PAPA IN SIRIA: APPELLO PER LA PACE IN TERRA SANTA E NEL MONDO

Un appello affinché “tutti i credenti possano trovare il coraggio di perdonarsi gli uni gli altri” e perché “le ferite del passato guariscano, e non siano un pretesto per ulteriori sofferenze el presente”, soprattutto in Terra Santa.

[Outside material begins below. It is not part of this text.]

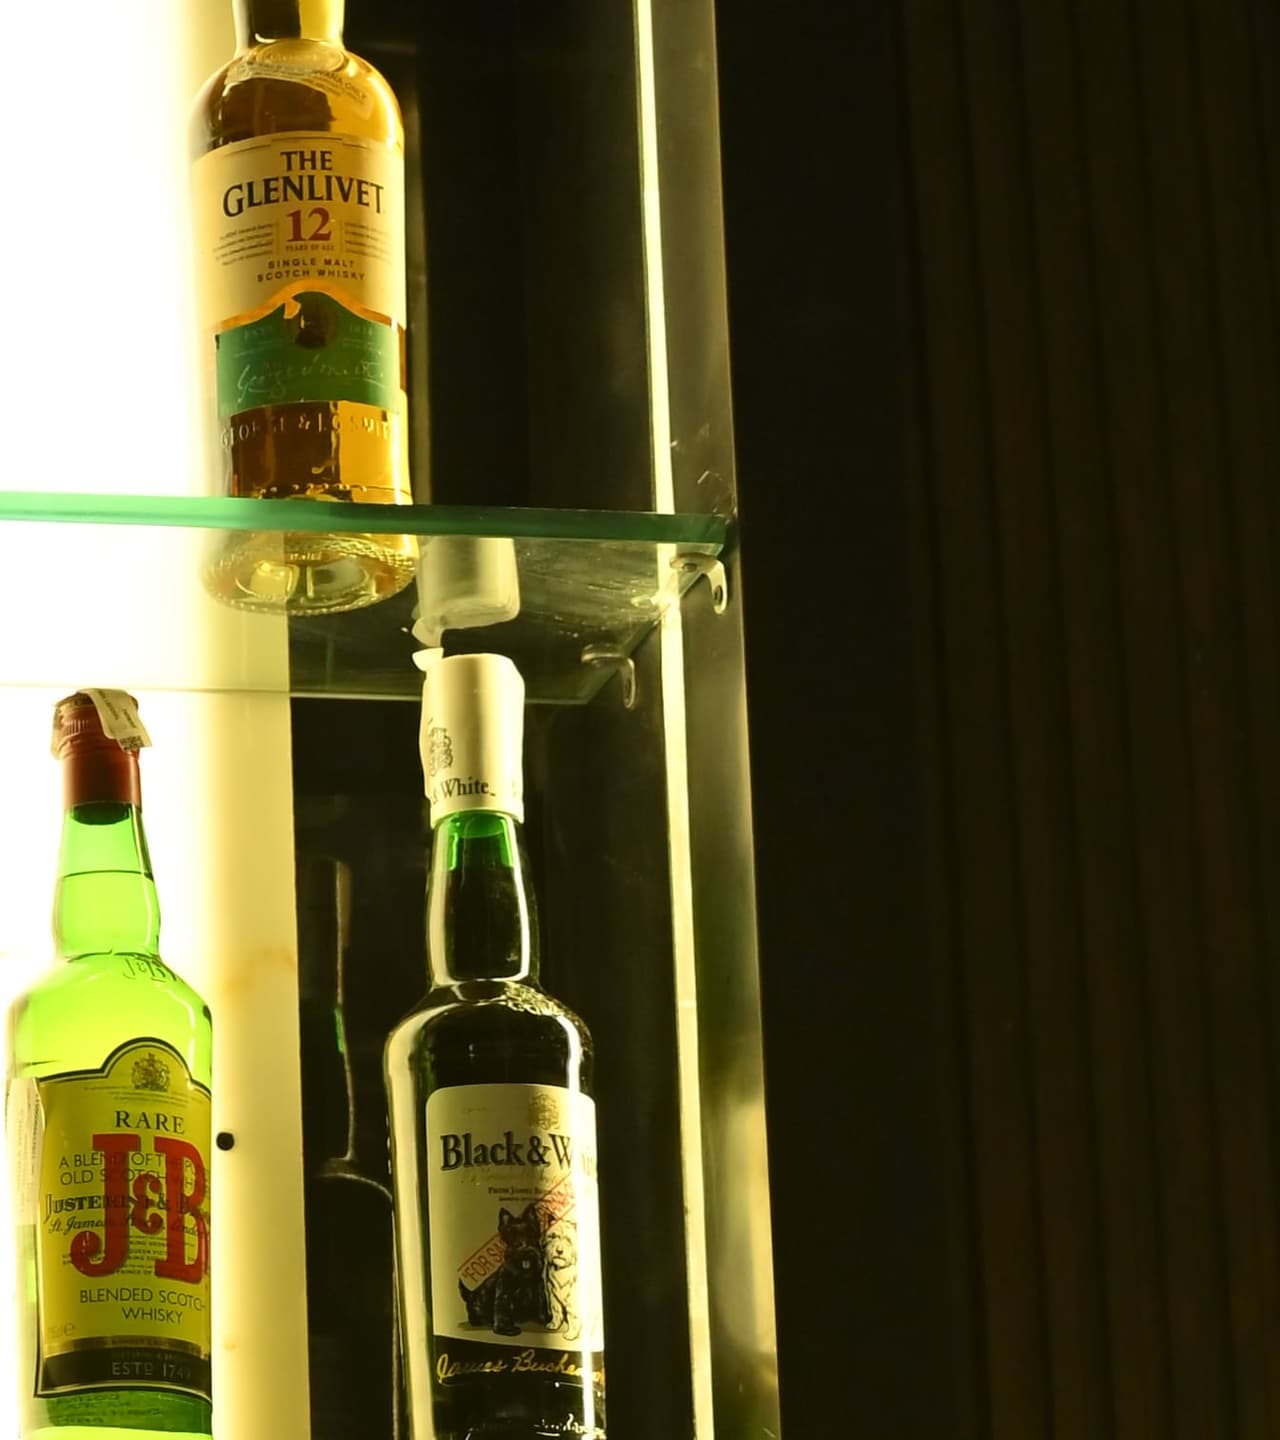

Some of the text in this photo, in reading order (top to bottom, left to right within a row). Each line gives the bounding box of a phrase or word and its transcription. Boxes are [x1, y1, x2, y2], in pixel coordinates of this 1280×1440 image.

Dalla chiesa greco-ortodossa di Quneitra, la cittadina siriana sulle alture del Golan dove è arrivato stamattina, il Papa recita “una preghiera per la pace in Terra Santa e nel mondo” e invita la comunità internazionale a “rendere più vicino il giorno in cui vi sarà armonia tra i popoli, le culture e le religioni di quest’area”. Da un luogo, come lo ha definito, “tanto deturpato dalla guerra” (era occupato dagli israeliani, che poi lo hanno riconsegnato alla Siria dopo averlo distrutto), Giovanni Paolo II ricorda che “la pace autentica è un dono di Dio”, e prega in particolare “per tutti i popoli del Medio Oriente”, affinché abbattano “i muri dell’ostilità e della divisione” ed edifichino “insieme un mondo di giustizia e solidarietà”. Rivolgendosi alle autorità civili della regione, il Papa le ha invitate “a soddisfare le giuste aspirazioni della loro gente, a educare i giovani alla giustizia e alla pace, a rispettare la dignità inalienabile di ogni persona umana e i diritti fondamentali”. Nel luogo che “ha visto la conversione dell’Apostolo Paolo”, il Pontefice ha pregato anche “per tutti coloro che credono nel Vangelo di Gesù Cristo”, affinché “possano essere una cosa sola”, attraverso la “testimonianza della pace che sorpassa ogni intelligenza”. Ai “seguaci di tutte le religioni”, infine, il Santo Padre ha chiesto di trovare in Dio “la forza per superare paure e sfiducia, per far crescere l’amicizia e per vivere insieme in armonia”. Giovanni Paolo II ha terminato la sua preghiera esprimendo “una parola di apprezzamento” alla forza internazionale di pace che controlla la zona: “La vostra presenza – ha detto – è un segno della determinazione della comunità internazionale a essere d’aiuto per rendere più vicino il giorno in cui vi sarà armonia tra i popoli, le culture e le religioni di quest’area”. Il viaggio del Papa, cominciato il 4 maggio in Grecia, si concluderà il 9 maggio con l’ultima tappa a Malta.